In your copy, include every line of the listing below exactly but none of the pictures.

(Beginning of MATERIAL SHOWN)

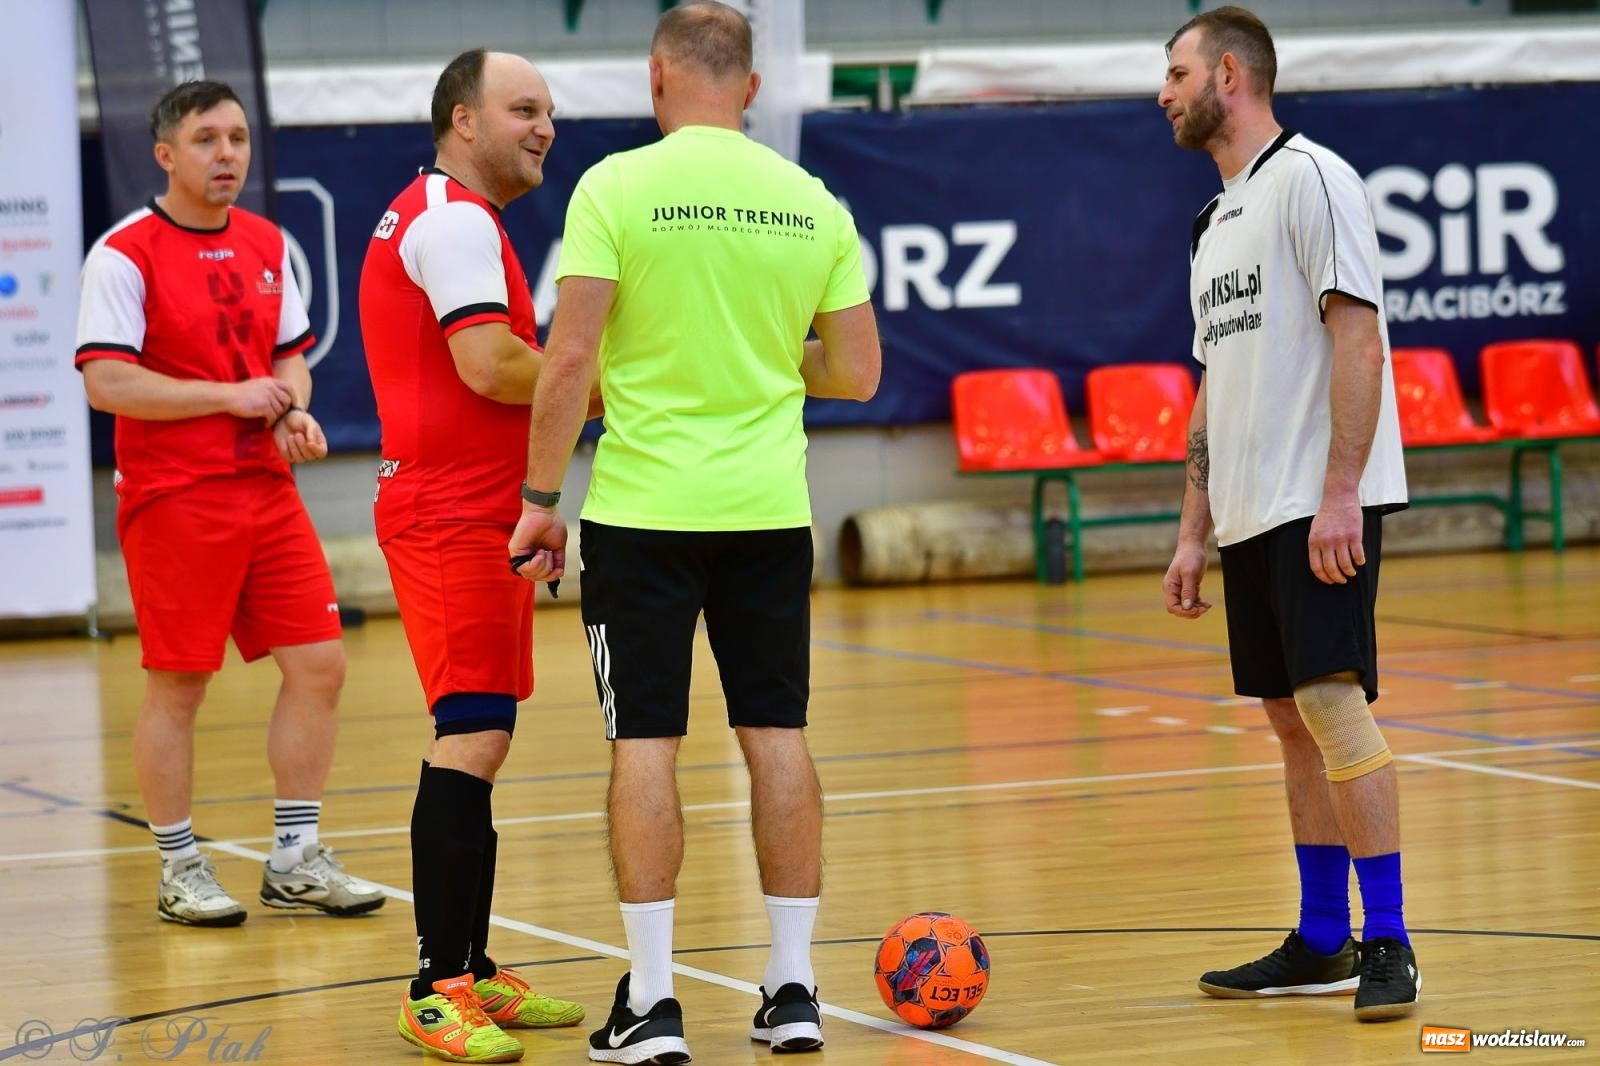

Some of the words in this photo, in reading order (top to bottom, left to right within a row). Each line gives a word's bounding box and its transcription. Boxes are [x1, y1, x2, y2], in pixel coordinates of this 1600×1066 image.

[652, 205, 727, 222] JUNIOR
[733, 208, 815, 231] TRENING
[1384, 275, 1566, 323] RACIBÓRZ
[929, 982, 984, 1002] SELECT
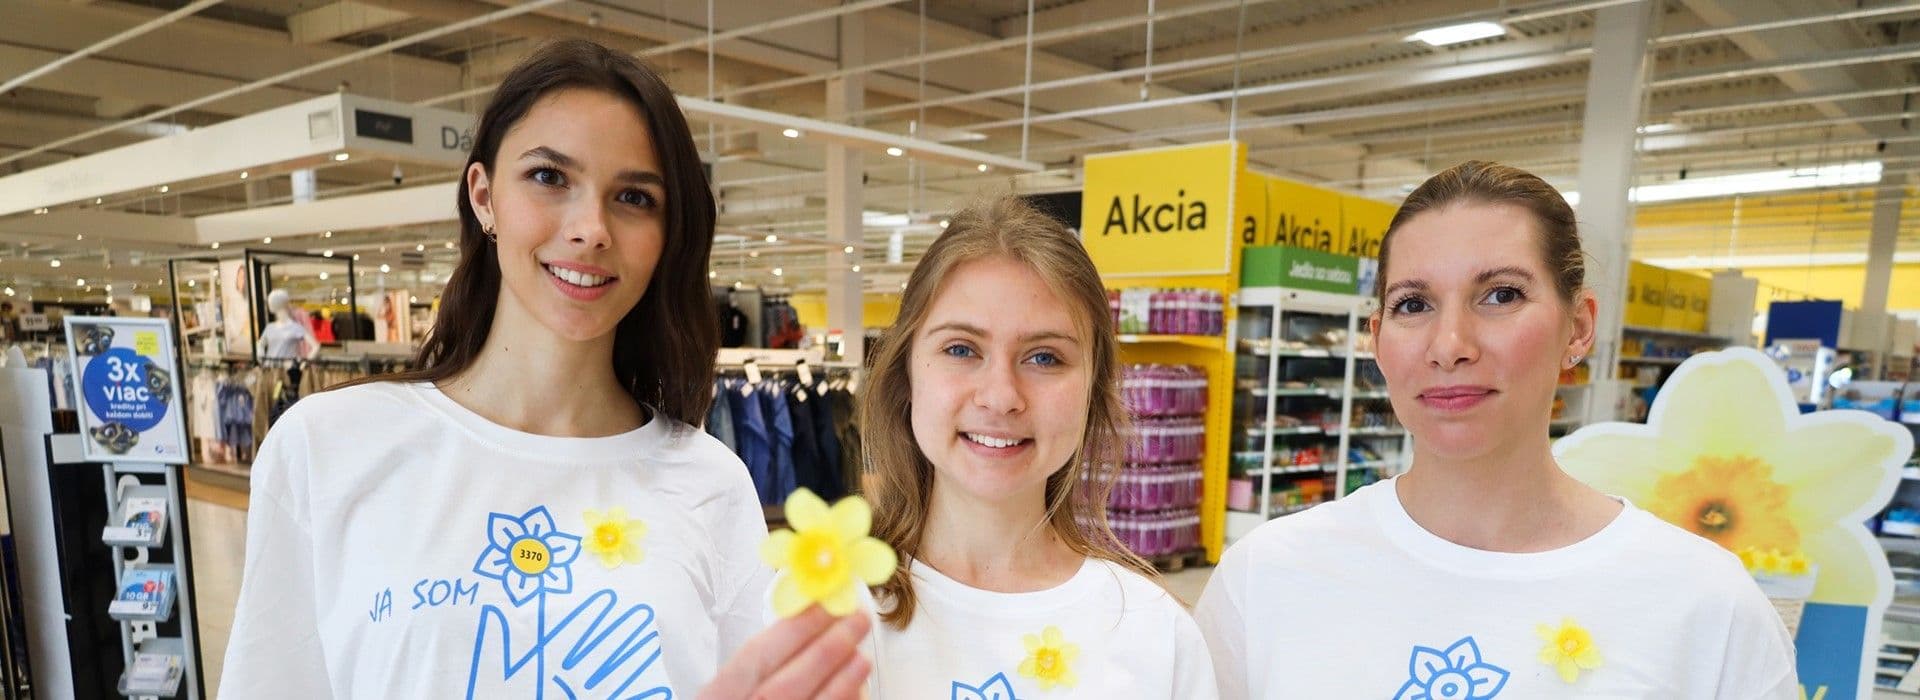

(End of MATERIAL SHOWN)

ANSWER FOR THIS EXERCISE -
Some of the words in this photo, in reading order (top to bottom, left to right within a row). Each line gives a word's bounding box and its transcription. Boxes are [x1, y1, x2, y2], in pixel coordinates of this 1600×1066 image.

[652, 205, 727, 222] JUNIOR
[733, 208, 815, 231] TRENING
[1384, 275, 1566, 323] RACIBÓRZ
[929, 982, 984, 1002] SELECT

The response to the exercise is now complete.